The contacts in a particular vacuum bottle are opened back up before contacts in the next vacuum bottle in the order are closed. In one embodiment, such as in the pulse forming networks described above, the entire process of rapidly closing and then re-opening the vacuum bottles 700 of the pulse forming network is repeated, for example, every six seconds. An individual vacuum bottle is certainly capable of reclosing again sooner than this period of time, however, in some embodiments of the described pulse forming networks, the switches of each module sequentially discharge together with switches or other modules.

In other embodiments, a spark gap could also be used instead of a vacuum bottle. A spark gap does not have any moving parts. Instead, a closed circuit may be formed by changing the air pressure within the spark gap. However, the flow of electric charge through the spark gap is difficult to control unless a complex design is utilized. Oil switches may also be utilized in other embodiments.

As discussed above, the vacuum bottles may be utilized as momentary switches in at least one embodiment of the invention. It should be appreciated, however, that other types of momentary switches may be utilized that also lack the di/dt limitations of solid state or semiconductor switches. In general, any type of switch may be utilized that can rapidly be switched from an open state to a closed state to allow a capacitor to discharge, and then rapidly back to an open state without experiencing the di/dt limitations common to solid state or semiconductor switches. The time duration of the closed state of the momentary switch varies depending on the particular application. In some embodiments, a momentary switch may be utilized that remains in a closed state for about 50 milliseconds or less. In other embodiments, a momentary switch may be utilized that remains in a closed state for about 40 milliseconds or less. In additional embodiments, a momentary switch may be utilized that remains in a closed state for about 30 milliseconds or less. In further embodiments, a momentary switch may be utilized that remains in a closed state for about 20 milliseconds or less. In other embodiments, a momentary switch may be utilized that remains in a closed state for about 10 milliseconds or less. In further embodiments, a momentary switch may be utilized that remains in a closed state for about 5 milliseconds or less. In a preferred embodiment of a pulse forming network, such as in some embodiments described herein, a momentary switch may be utilized that remains in a closed state for about 2 milliseconds. In the case of a vacuum bottle, the switch may be closed by a mechanical actuator and then allowed to bounce back open. In other embodiments, where a slightly longer duration closed state is needed, the mechanical actuator may be used to dampen or hold the switch in the closed state for the desired length of time.

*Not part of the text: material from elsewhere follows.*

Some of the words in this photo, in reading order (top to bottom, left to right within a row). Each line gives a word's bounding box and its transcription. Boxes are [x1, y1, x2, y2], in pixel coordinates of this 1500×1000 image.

FIG. 8 illustrates a chart 800 of what the voltage output waveform resulting from closing all three switches on a 3-phase bank of capacitors without coordinating the closing of the switches. As shown, the waveform is very choppy due to the fact that the opening of switches in communication with the capacitor is not properly synchronized.

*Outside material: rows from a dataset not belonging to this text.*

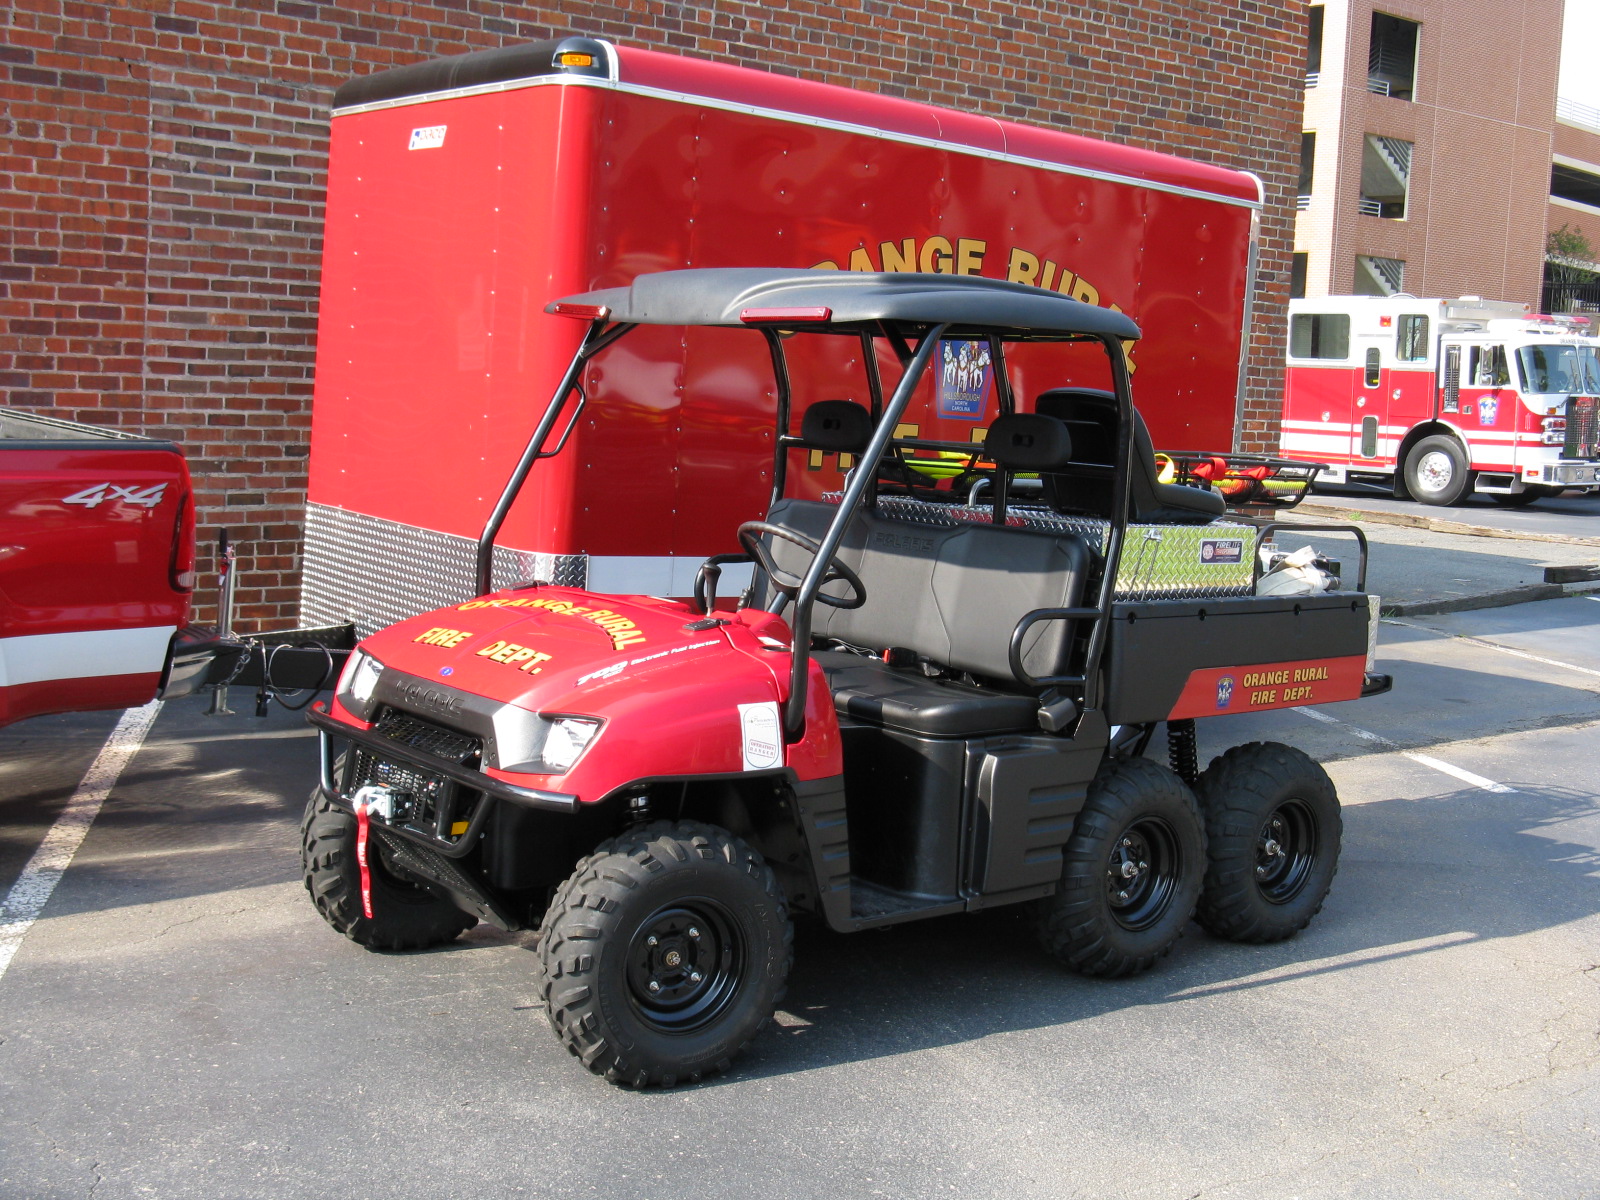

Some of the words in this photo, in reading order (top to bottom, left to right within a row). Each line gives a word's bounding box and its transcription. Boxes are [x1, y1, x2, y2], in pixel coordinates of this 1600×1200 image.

[943, 392, 980, 401] HILLSBOROUGH
[874, 531, 935, 552] POLARIS
[456, 598, 591, 616] ORANGE
[582, 609, 646, 651] RURAL
[412, 627, 474, 648] FIRE
[475, 640, 553, 675] DEPT.
[1243, 670, 1289, 688] ORANGE
[1293, 666, 1329, 682] RURAL
[1250, 689, 1277, 705] FIRE
[1283, 686, 1313, 702] DEPT.

FIG. 9 illustrates the voltage output waveform 900 resulting from closing all three switches on a 3-phase bank of capacitors with coordinating the closing of the switches. As shown, by coordinating the timing of when the switches coupled to each of the capacitors is closed and opened, a desirable smooth waveform is achieved. For a 3-phase system, 0.3 milliseconds after the voltage difference is zero. The accuracy is ±0.75 milliseconds.

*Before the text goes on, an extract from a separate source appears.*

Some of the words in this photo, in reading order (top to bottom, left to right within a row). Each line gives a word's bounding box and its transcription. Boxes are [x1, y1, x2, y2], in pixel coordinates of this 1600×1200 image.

Referring next to FIG. 10, a flowchart is shown illustrating the steps performed in accordance with one embodiment of the invention. This method may be performed, for example, by any of the pulse forming networks described herein.

Initially, a pulse forming network is provided having a plurality of capacitor units, wherein multiple capacitor units are coupled to each of a plurality of inductors, each inductor coupled to a load (Step 1002). For example, the networks of FIGS. 3 and 5 may be provided; however, it is understood that other pulse forming networks than those specifically described herein may be used. Next, each of the capacitor units is charged to an appropriate voltage level (Step 1004). Such may be accomplished by coupling the capacitor units to an appropriate charging power supply.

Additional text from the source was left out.